*Work instructions:* Please reproduce the entries below exactly, omitting any images they contain.
++++ Data extract ++++
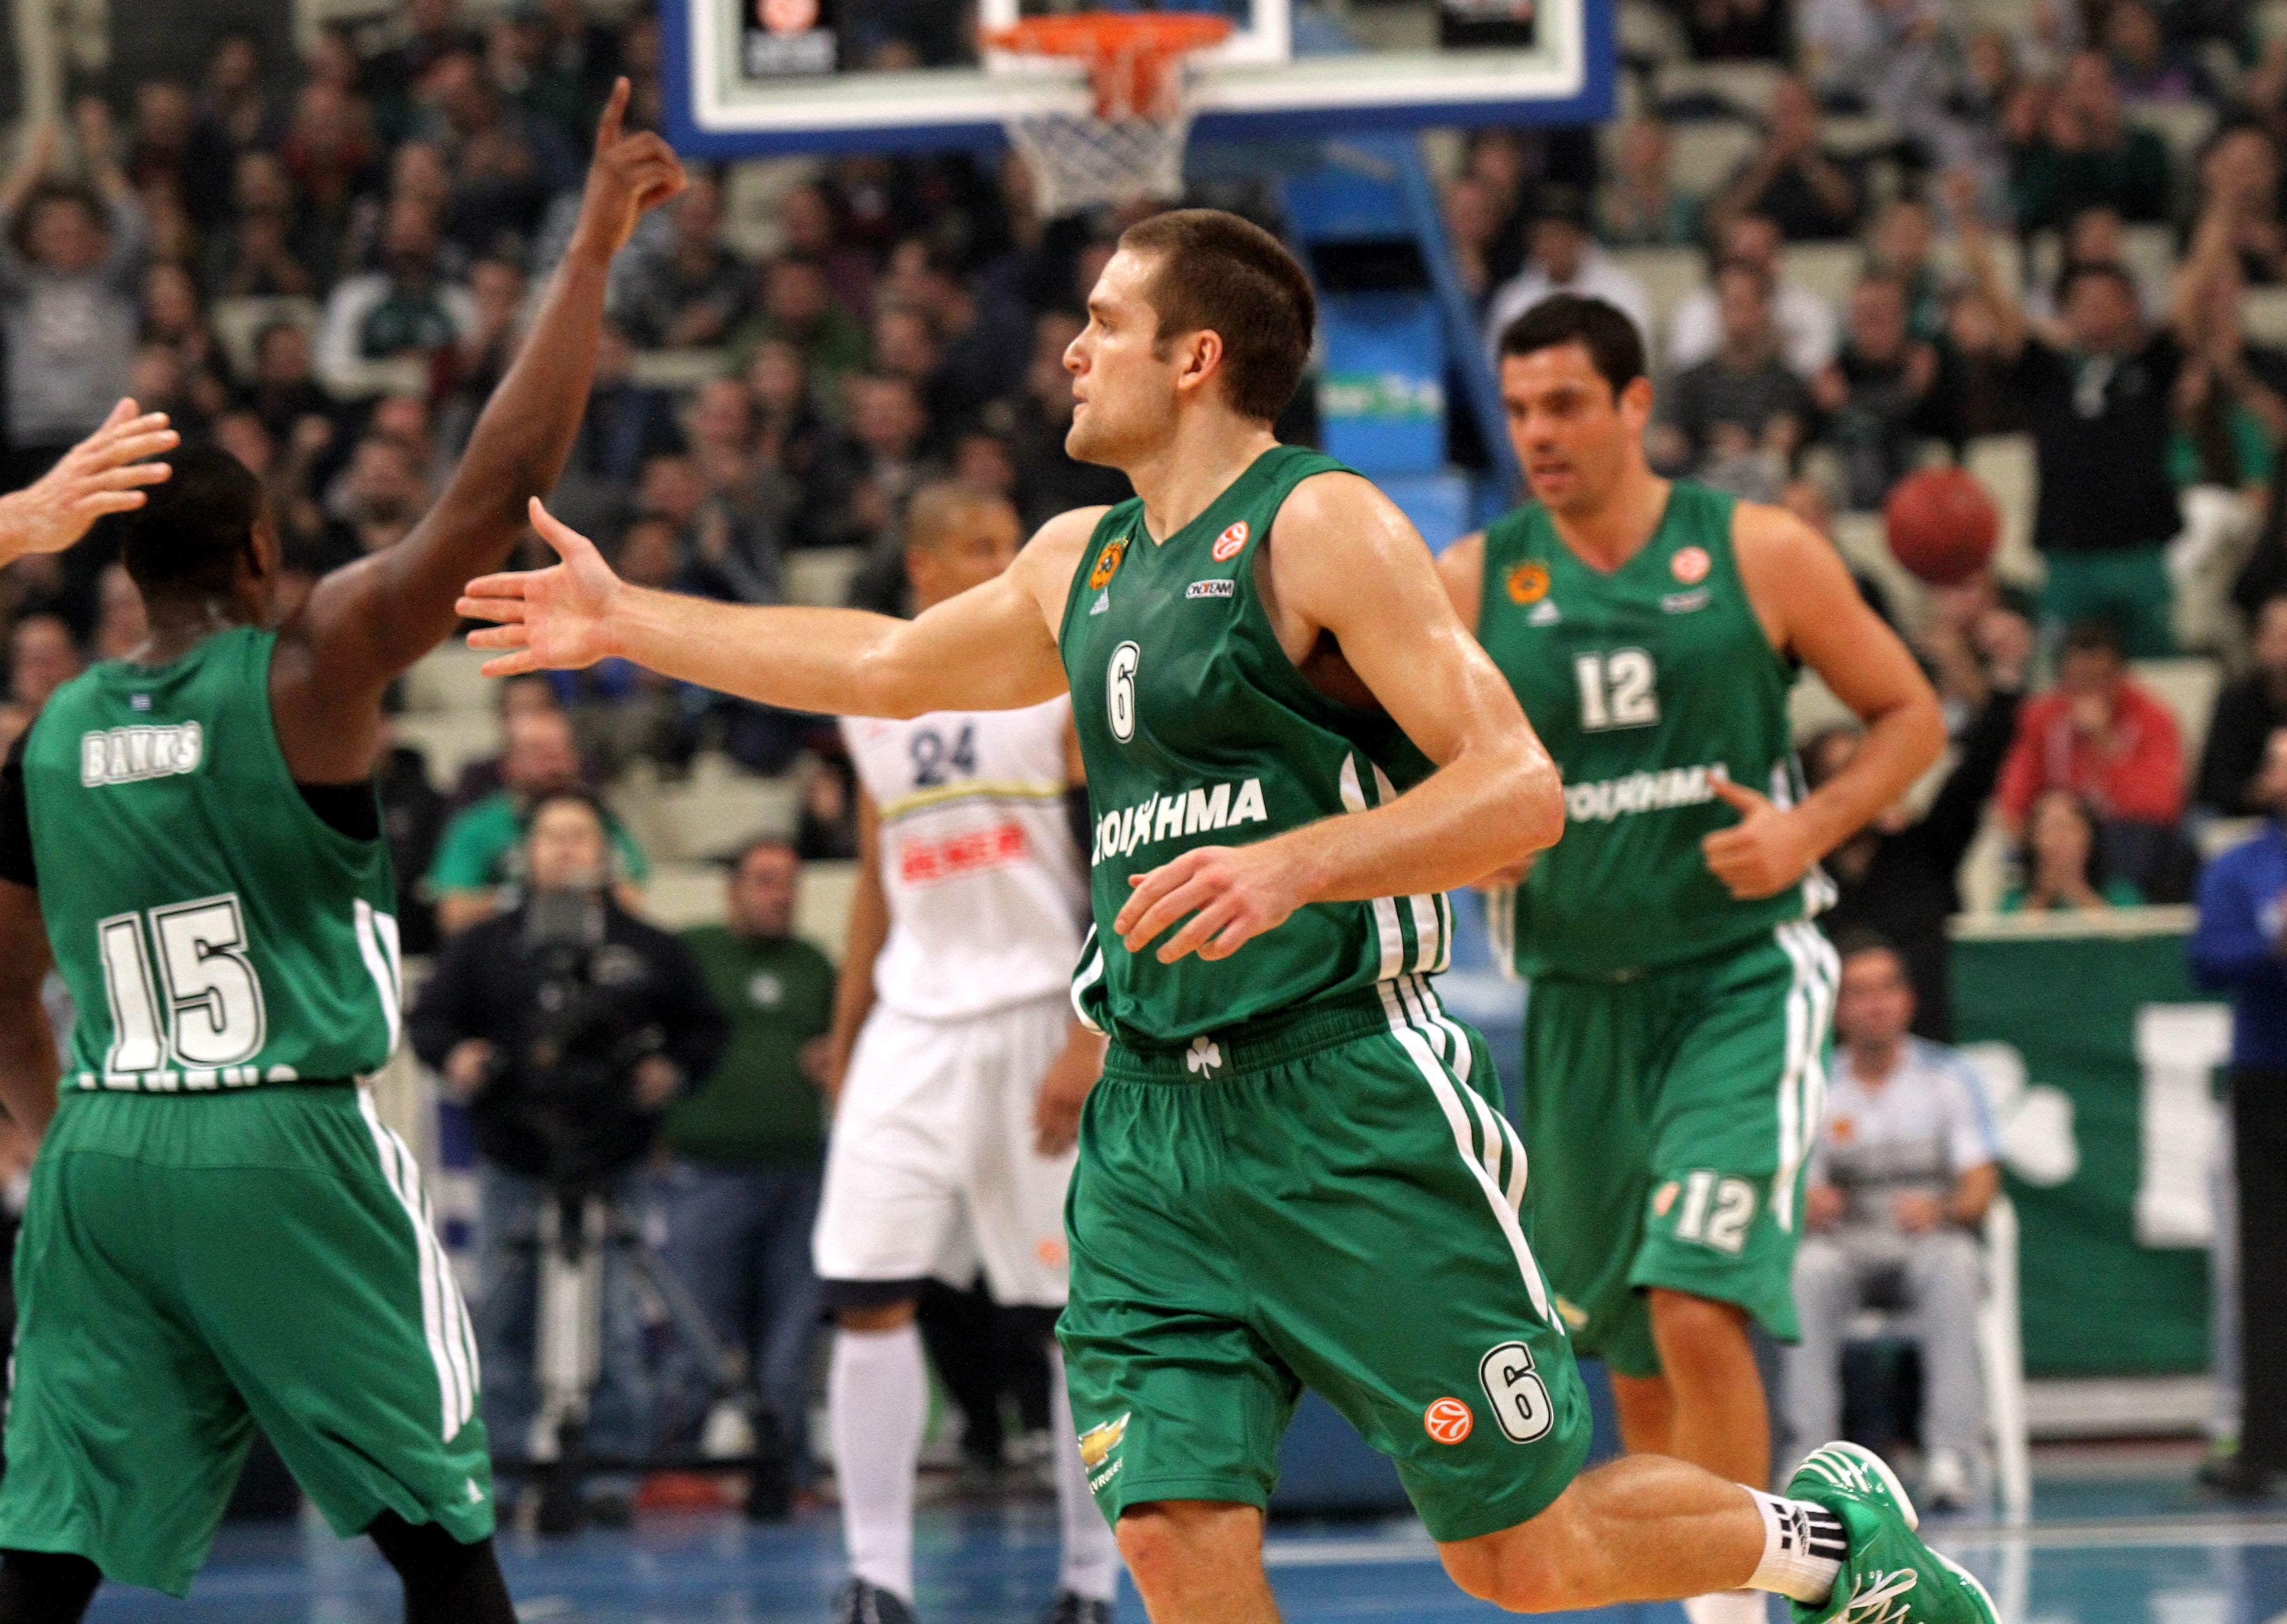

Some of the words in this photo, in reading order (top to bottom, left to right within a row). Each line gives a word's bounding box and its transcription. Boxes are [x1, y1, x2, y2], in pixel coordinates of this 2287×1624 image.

[1106, 640, 1140, 743] 6
[1574, 647, 1662, 733] 12
[81, 720, 203, 787] BANKS
[909, 724, 976, 787] 24
[97, 892, 267, 1075] 15
[1674, 1168, 1757, 1259] 12
[1479, 1341, 1554, 1443] 6
++++
*Problem solution:*
Some of the words in this photo, in reading order (top to bottom, left to right within a row). Each line gives a word's bounding box and its transcription. Boxes are [x1, y1, x2, y2], in pixel coordinates of this 2287×1624 image.

[1106, 640, 1140, 743] 6
[1574, 647, 1662, 733] 12
[81, 720, 203, 787] BANKS
[909, 724, 976, 787] 24
[97, 892, 267, 1075] 15
[1674, 1168, 1757, 1259] 12
[1479, 1341, 1554, 1443] 6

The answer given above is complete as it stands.